Conversations with others have revealed that they have a similar grouping. Dave might have something more detailed, but he’s an outlier I suspect. And, watching over the past while, it feels like virtually every beer falls into a 3.5-4.5 category over time. Which thus makes ratings kind of useless.
Related to this: I have no idea how/why Untappd recommends the other beers it does (edit: in the “recommendations by style” that appears after a checkin). The rating I give a beer doesn’t seem to affect this at all – I assume there is a secret sauce beyond “beer is of a similar type”, but I don’t know. What I *do* know is that I don’t find the recommendations currently useful to me. When I’ve tried related beers based on either extremely high or extremely low ratings, there’s no consistency in the response. Aside on this: I wish I could “regionalize” the recommended beers, because it’s really hard to get most of the recommended beers I see here in BC.
So here’s my modest proposal for improving a rating system here. It has 2 parts. The big change is that beer ratings should be relative to each other. So when I untap my beer, it’ll ask me “Is Brassneck Brewing’s Passive Aggressive IPA better or worse than Driftwood Brewing’s Fat Tug IPA?” & I’ll say yea or nay. This, combined with 100s of others answering similar questions will start to build an overall score for a beer. Likely a percentile score. But it will also build a large web of relative ratings of one beer to another.
This sort of natural-language question is great for humans. I can remember how much I enjoyed beerA, and can think about that relative to my current beerB. But I have a hard time giving an absolute rating to a beer.
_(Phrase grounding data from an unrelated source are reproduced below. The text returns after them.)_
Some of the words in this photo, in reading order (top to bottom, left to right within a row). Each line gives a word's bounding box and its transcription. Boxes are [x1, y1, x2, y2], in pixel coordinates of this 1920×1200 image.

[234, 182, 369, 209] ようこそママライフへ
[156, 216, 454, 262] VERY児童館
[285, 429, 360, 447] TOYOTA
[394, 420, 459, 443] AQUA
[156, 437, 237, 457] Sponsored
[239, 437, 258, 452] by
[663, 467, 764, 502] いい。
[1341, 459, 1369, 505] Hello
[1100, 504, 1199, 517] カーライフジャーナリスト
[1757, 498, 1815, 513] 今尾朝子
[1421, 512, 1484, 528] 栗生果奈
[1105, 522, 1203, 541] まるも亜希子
In part because my tastes change over time, where as a relative rating will more accurately reflect my changing tastes. Imagine if you drink the same beer 3-6 months later. Untappd could ask how I enjoyed it relative to the last time, which provides useful information.
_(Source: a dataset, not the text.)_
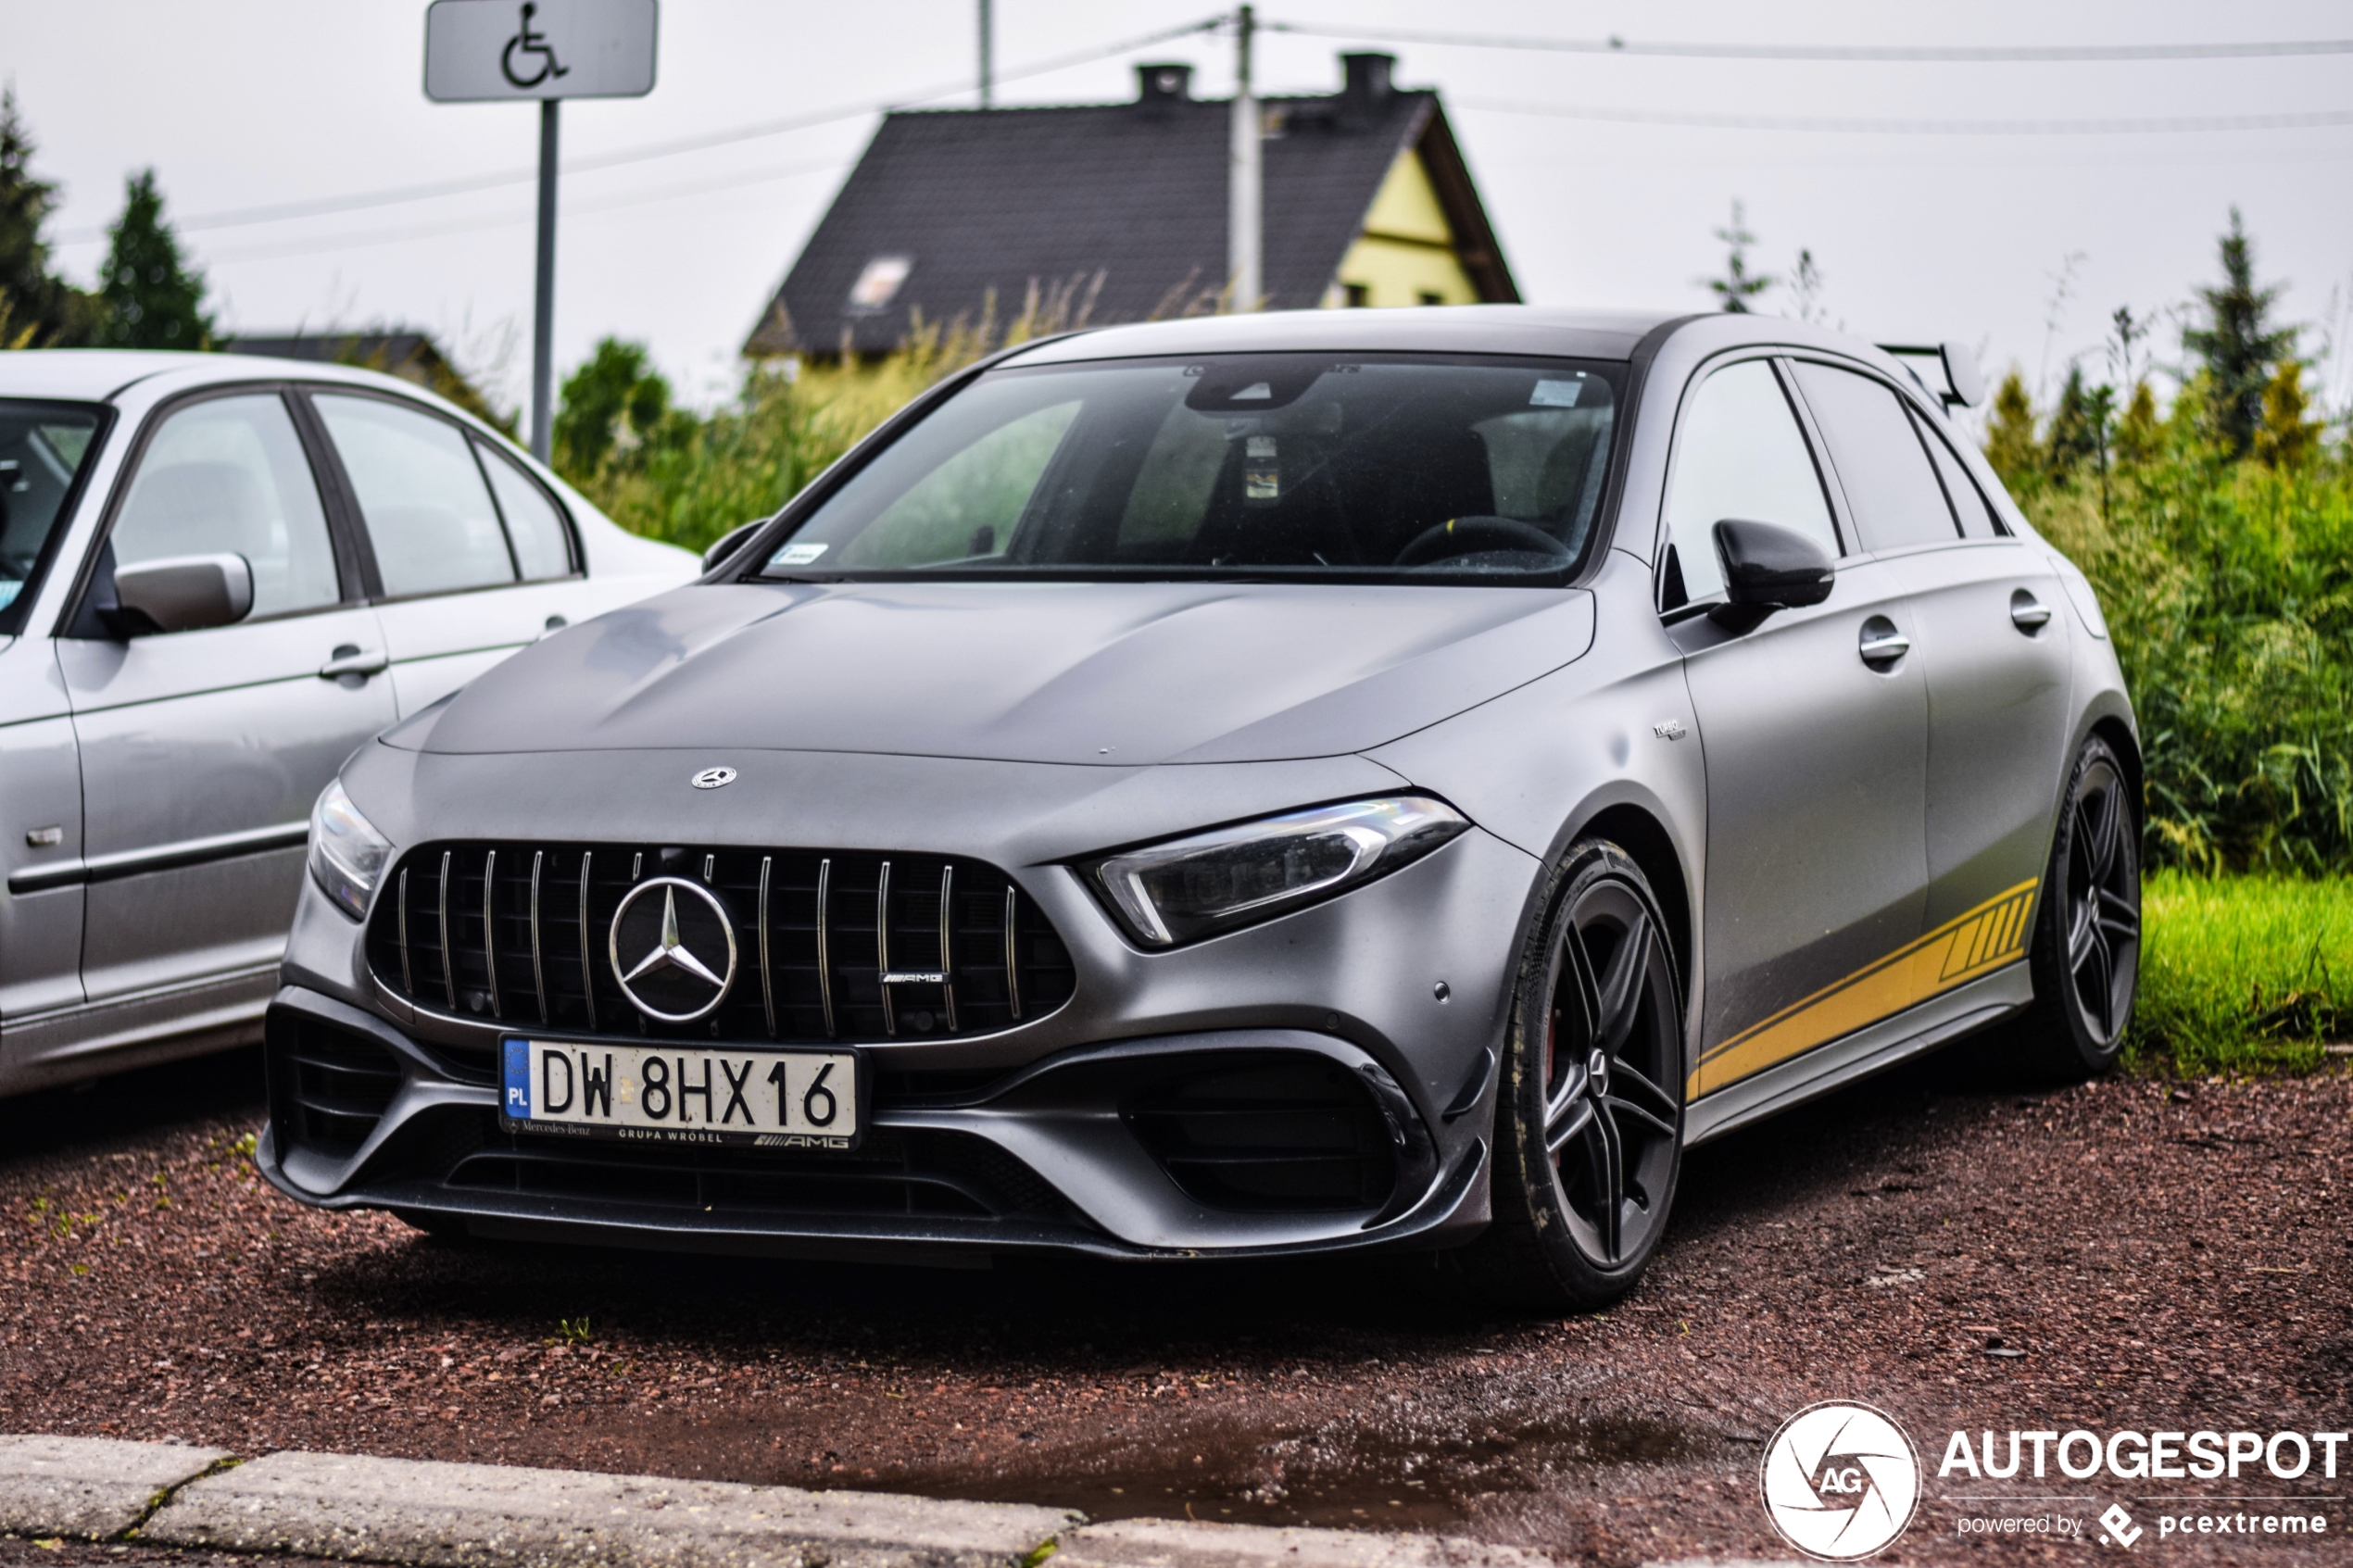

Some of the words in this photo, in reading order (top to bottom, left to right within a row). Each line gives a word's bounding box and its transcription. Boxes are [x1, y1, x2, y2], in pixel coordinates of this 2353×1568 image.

With 1000s of users providing relative ratings, a particular scoring set will emerge, with much more granular ratings, resulting in fun stats like :95% of drinkers liked this beer. In the recommendation section, it can then use other relative ratings to suggest other beers to try. If I like my beer LESS than the comparison beer, show me other beers that are liked more than the comparison beer. Or vice versa. Because a negative rating should indicate I want something different than what I’m drinking, whereas a positive one should indicate that I want more of the same? or similarly rated?
I realize I’m way overthinking what’s a fun, app & pastime. But ratings of things are a hard nut to crack, and universally applicable anywhere anyone rates anything. And in a system where the subjects are inherently comparable (apples to apples), relative ratings and enjoyment-percentiles seems to be a good, human-and-machine-usable dataset.